An address by Republican City Council candidate Derek Czenczelewski to the GOP's town committee this week:
At our last Republican Town Committee meeting we discussed the idea of a clustered approach towards business, in particular the technology sector. The idea, brought to our attention by Ed Krawiecki, is very intriguing. To summarize what “clustering” entails, it basically creates a job cluster of associated or related industry. When businesses cluster, everyone tends to win. Prices are adjusted to be the most competitive in the area, the best products are created and the cluster becomes known for the type of industry or service it provides. In our case, we would be utilizing ESPN’s name and reputation for communications and technology to attract other, related companies. This doesn’t mean we would become the “Sports Media Mecca” of the world, but rather a hotspot for IT and technology-related business.
Following the meeting I began to do a host of research on the technology sector, including IT companies in the state. I started out by asking individuals in the sector where the best talent is, both in state and in the region. The overwhelming majority told me that the best talent is coming from Massachusetts. Unfortunately, that talent is staying in Massachusetts. The northeast contains one of the largest hot spots for IT, and Connecticut is a player in this industry. With nearly 800 IT companies calling Connecticut home, we currently rank number 21 for states with the most IT companies. However, Bristol isn’t even in the top 10 among Connecticut cities despite being the home of ESPN. Of our neighbors, Connecticut ranks 5th, behind New York, New Jersey, Pennsylvania, and Massachusetts. According to MSNBC’s list of the “most expensive states for business,” New York, New Jersey and Massachusetts rank in the top 10. We have a great opportunity to attract these businesses from our neighbors by offering a cheaper alternative. Unfortunately, our state ranks 4th on that very list. We need to work with the state government to make doing business here in Connecticut a more attractive option. It’s the only way we will be able to create a high tech cluster here in Bristol. High tech industry will bring the best and the brightest to the city, and will further help us build up our local economy, reducing our tax burden.
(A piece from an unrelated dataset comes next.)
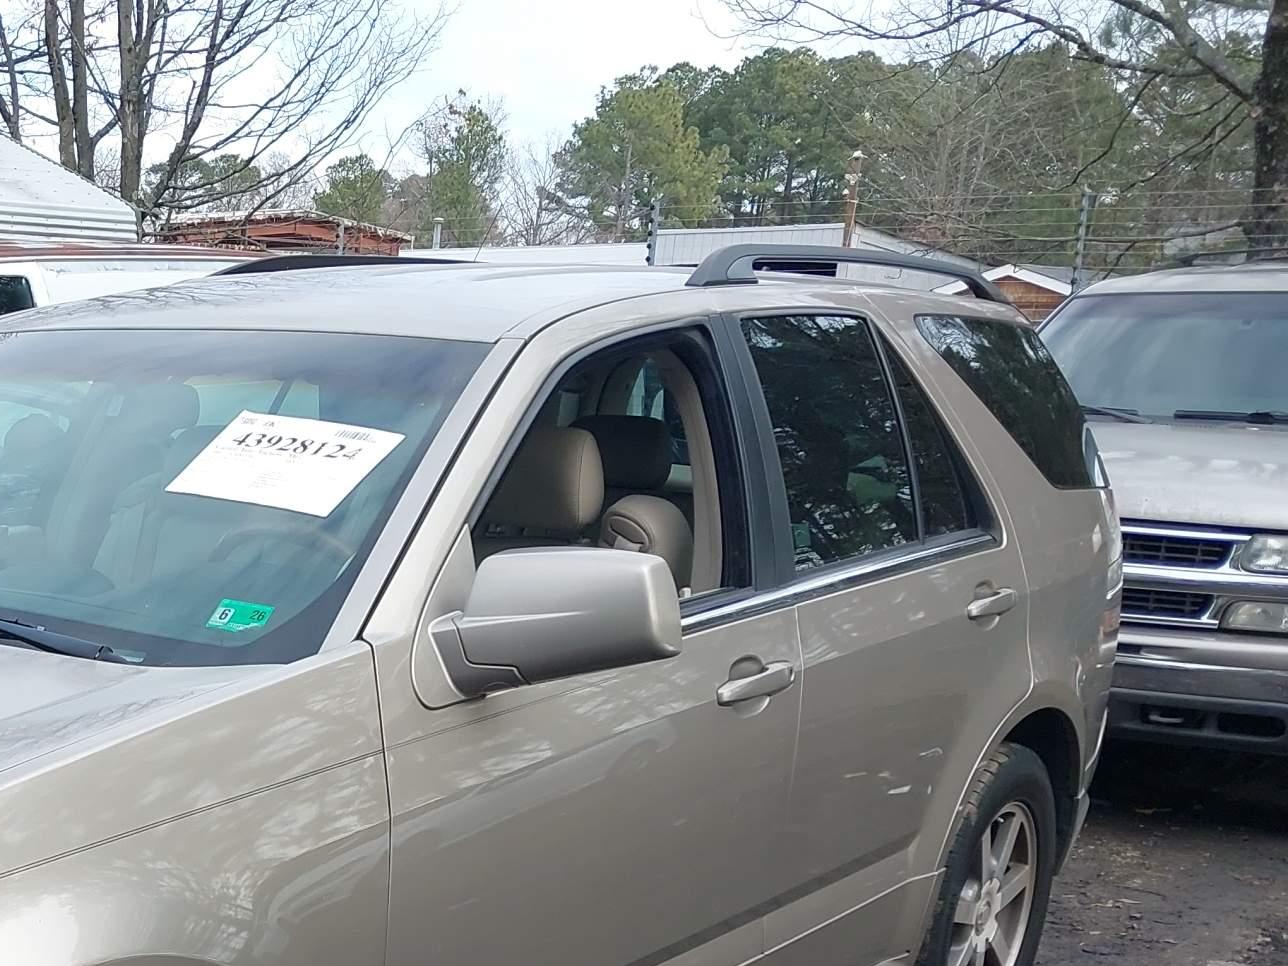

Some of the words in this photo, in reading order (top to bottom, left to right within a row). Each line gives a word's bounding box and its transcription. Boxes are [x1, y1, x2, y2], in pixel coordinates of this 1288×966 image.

[232, 431, 363, 461] 43928124
[218, 608, 232, 621] 6
[248, 610, 267, 622] 26
I’ve heard a lot of excuses for why Bristol doesn’t have a thriving downtown yet as well, how we are too poor, too small, and too isolated. These excuses are used for basically everything that is questioned about Bristol. But this list of excuses is just that, a list of excuses. With Route 72 nearing completion, Bristol is nearly out of excuses. For instance, 5 of the top 10 IT cities in the state are actually smaller than Bristol, so we certainly aren’t too small. Cities like New Britain, whose median household income is significantly lower than Bristol’s, was named Connecticut’s 2008 Most Business Friendly City, so we aren’t too poor. People suggest that Bristol couldn’t sustain a downtown like Blue Back Square, yet Canton, with a population nearly 7 times smaller than Bristol’s, and possibly even more difficult to access, has The Shoppes at Farmington Valley. These shops, or similar ones, would do tremendous business here in Bristol. We have no excuses left to give as to why we can’t be more than what we are! We are the only ones holding ourselves back.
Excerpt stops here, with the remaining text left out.